Aim of the task. When you set down the entries, keep every word exactly as it is but drop the pictures.

Stored data entries
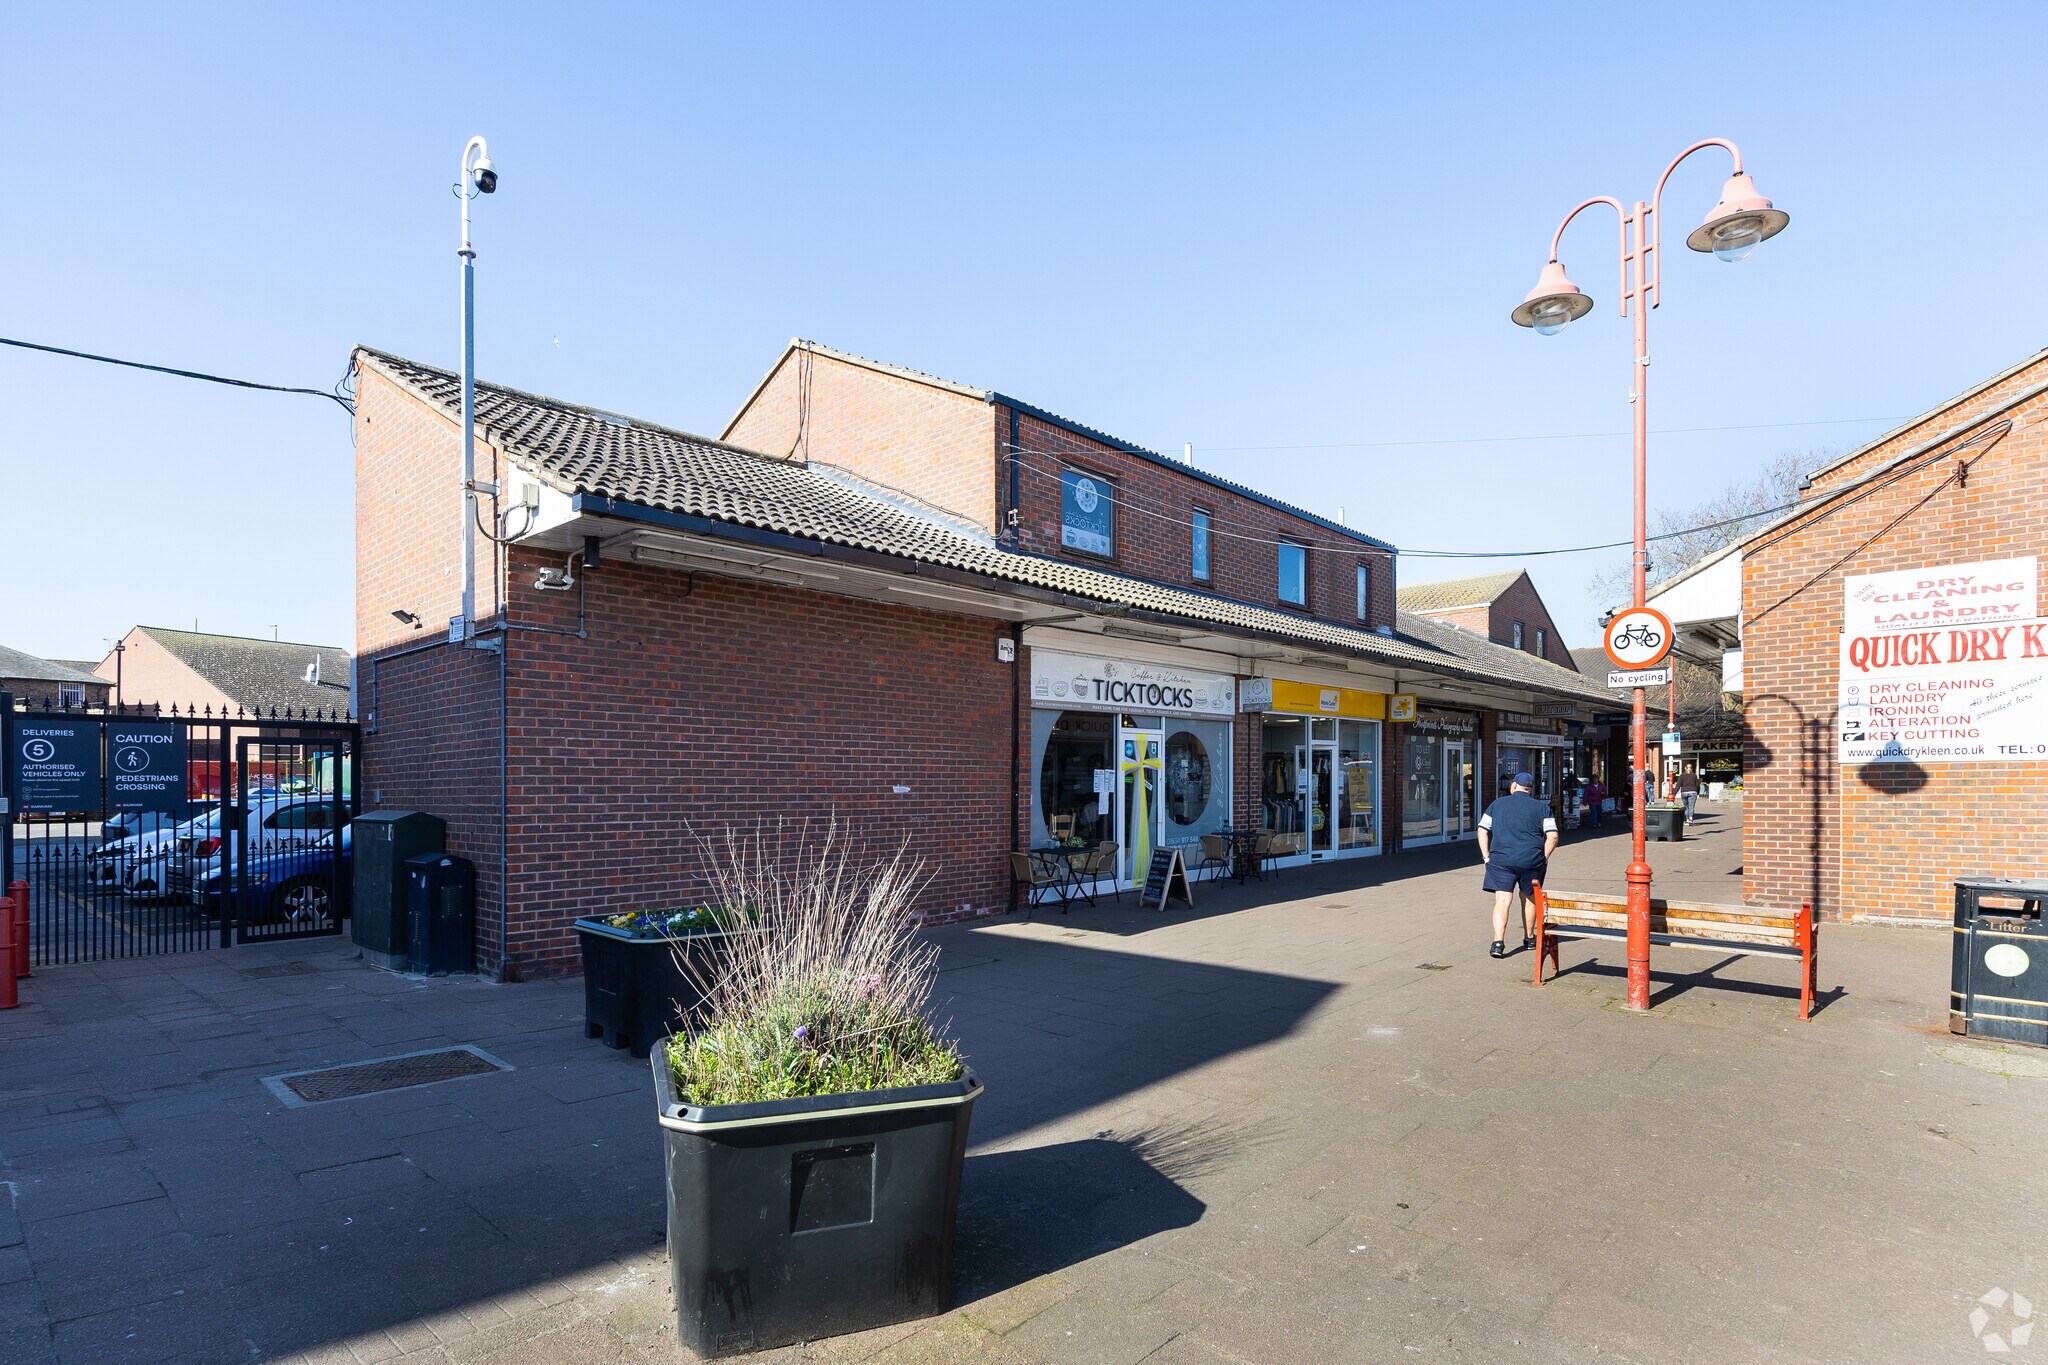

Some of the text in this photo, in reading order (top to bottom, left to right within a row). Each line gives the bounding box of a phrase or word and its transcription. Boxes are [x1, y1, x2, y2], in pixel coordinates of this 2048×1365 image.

[1917, 575, 1976, 589] DRY
[1852, 582, 1875, 599] SAME
[1861, 589, 1877, 602] DAY
[1874, 581, 2025, 603] CLEANING
[1932, 599, 1950, 608] &
[1874, 603, 2020, 623] LAUNDRY
[1876, 614, 2020, 629] QUALITY ALTERATIONS
[1848, 631, 1942, 673] QUICK
[1946, 625, 2014, 664] DRY
[1130, 667, 1154, 681] Coffee
[1162, 671, 1192, 684] Kitchen
[1610, 673, 1663, 683] No cycling
[1870, 678, 1995, 694] DRY CLEANING
[1986, 689, 2007, 702] these
[2011, 674, 2043, 692] services
[1092, 679, 1193, 708] TICKTOCKS
[1869, 692, 1947, 705] LAUNDRY
[1869, 704, 1939, 717] IRONING
[1977, 692, 2034, 720] provided here
[1869, 715, 1971, 728] ALTERATION
[22, 729, 75, 737] DELIVERIES
[115, 734, 173, 744] CAUTION
[1868, 728, 1980, 741] KEY CUTTING
[32, 744, 45, 756] 5
[1692, 741, 1744, 750] BAKERY
[1848, 744, 1985, 759] www.quickdrykleen.co.uk
[115, 774, 179, 782] PEDESTRIANS
[1989, 922, 2028, 934] Litter

Output of the task.
Some of the text in this photo, in reading order (top to bottom, left to right within a row). Each line gives the bounding box of a phrase or word and its transcription. Boxes are [x1, y1, x2, y2], in pixel coordinates of this 2048×1365 image.

[1917, 575, 1976, 589] DRY
[1852, 582, 1875, 599] SAME
[1861, 589, 1877, 602] DAY
[1874, 581, 2025, 603] CLEANING
[1932, 599, 1950, 608] &
[1874, 603, 2020, 623] LAUNDRY
[1876, 614, 2020, 629] QUALITY ALTERATIONS
[1848, 631, 1942, 673] QUICK
[1946, 625, 2014, 664] DRY
[1130, 667, 1154, 681] Coffee
[1162, 671, 1192, 684] Kitchen
[1610, 673, 1663, 683] No cycling
[1870, 678, 1995, 694] DRY CLEANING
[1986, 689, 2007, 702] these
[2011, 674, 2043, 692] services
[1092, 679, 1193, 708] TICKTOCKS
[1869, 692, 1947, 705] LAUNDRY
[1869, 704, 1939, 717] IRONING
[1977, 692, 2034, 720] provided here
[1869, 715, 1971, 728] ALTERATION
[22, 729, 75, 737] DELIVERIES
[115, 734, 173, 744] CAUTION
[1868, 728, 1980, 741] KEY CUTTING
[32, 744, 45, 756] 5
[1692, 741, 1744, 750] BAKERY
[1848, 744, 1985, 759] www.quickdrykleen.co.uk
[115, 774, 179, 782] PEDESTRIANS
[1989, 922, 2028, 934] Litter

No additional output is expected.